%%
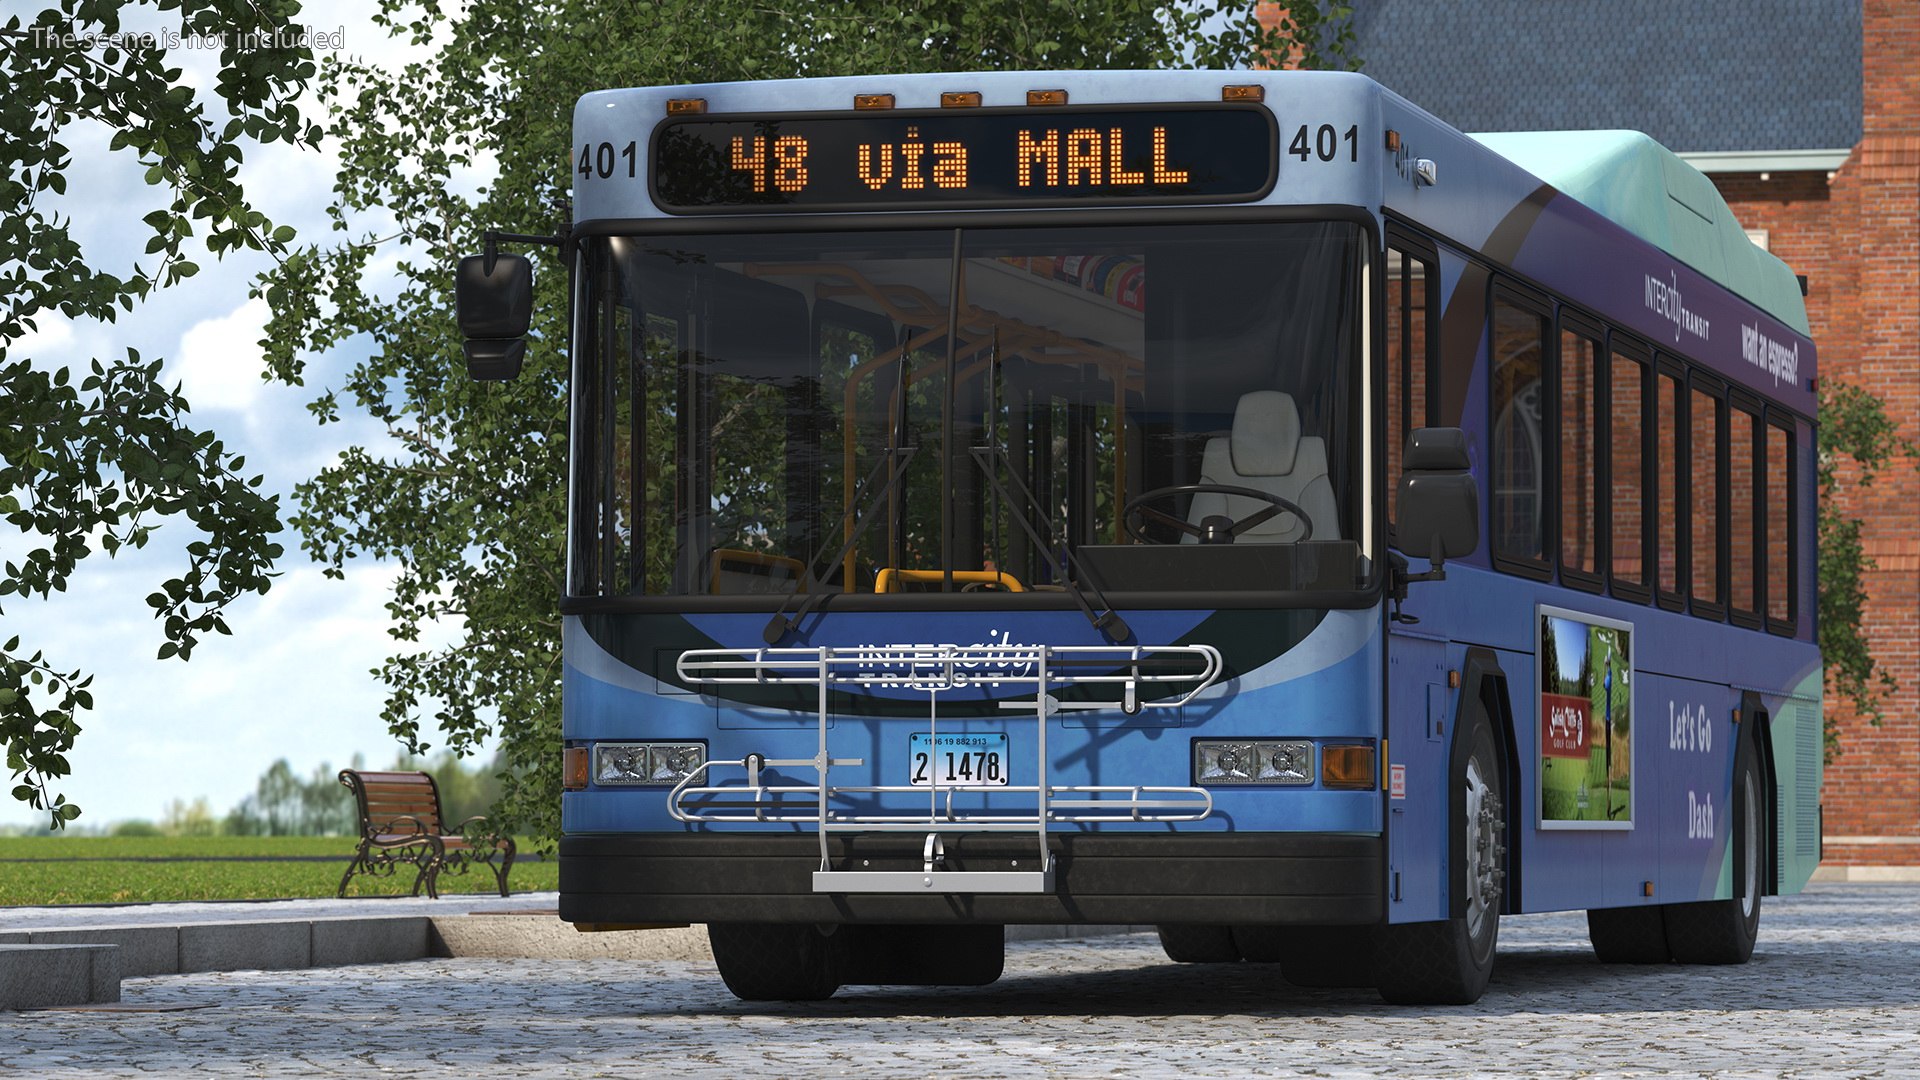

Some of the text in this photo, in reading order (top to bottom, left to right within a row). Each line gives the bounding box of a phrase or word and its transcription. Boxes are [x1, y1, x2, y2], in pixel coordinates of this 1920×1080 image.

[578, 140, 637, 180] 401
[731, 126, 1188, 193] 48 via MALL
[1288, 124, 1359, 163] 401
[1741, 320, 1759, 367] want
[1759, 332, 1768, 372] an
[924, 737, 943, 746] 116
[1669, 700, 1712, 753] Let's Go
[915, 752, 1000, 781] 2 1478
[1688, 790, 1714, 839] Dash
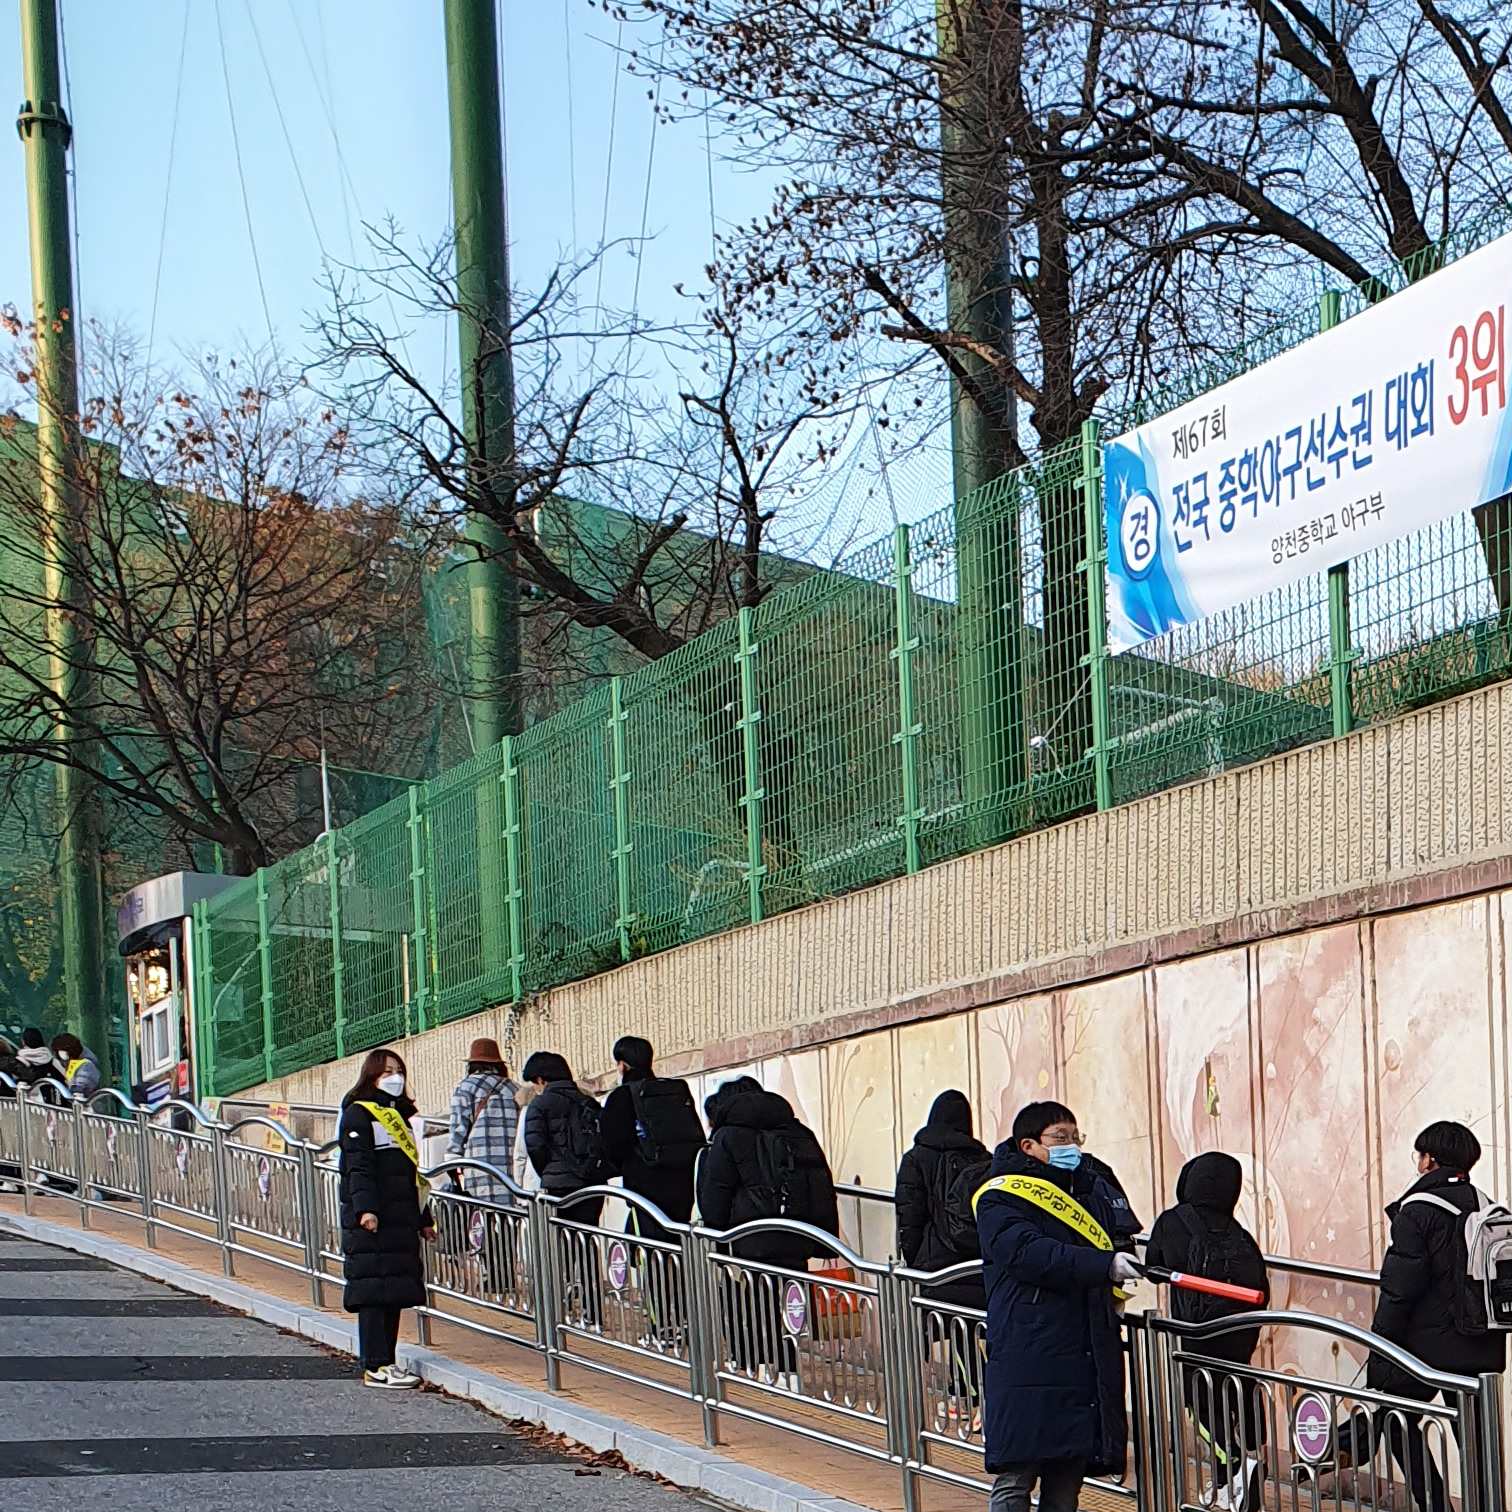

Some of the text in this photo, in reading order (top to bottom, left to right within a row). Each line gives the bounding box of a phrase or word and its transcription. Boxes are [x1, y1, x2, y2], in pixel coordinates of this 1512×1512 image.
%%
- TRY IT:
Copy the listing above in full and exactly, but omit each picture that it holds.

- SOLUTION FOR THIS TASK:
Some of the text in this photo, in reading order (top to bottom, left to right within a row). Each line gives the bounding box of a phrase or word and its transcription. Boxes are [x1, y1, x2, y2], in pixel coordinates of this 1920×1080 image.

[578, 140, 637, 180] 401
[731, 126, 1188, 193] 48 via MALL
[1288, 124, 1359, 163] 401
[1741, 320, 1759, 367] want
[1759, 332, 1768, 372] an
[924, 737, 943, 746] 116
[1669, 700, 1712, 753] Let's Go
[915, 752, 1000, 781] 2 1478
[1688, 790, 1714, 839] Dash

Some of the text in this photo, in reading order (top to bottom, left to right within a row). Each line gives the bounding box of a phrase or word and its transcription. Boxes are [x1, y1, x2, y2], in pixel coordinates of this 1512×1512 image.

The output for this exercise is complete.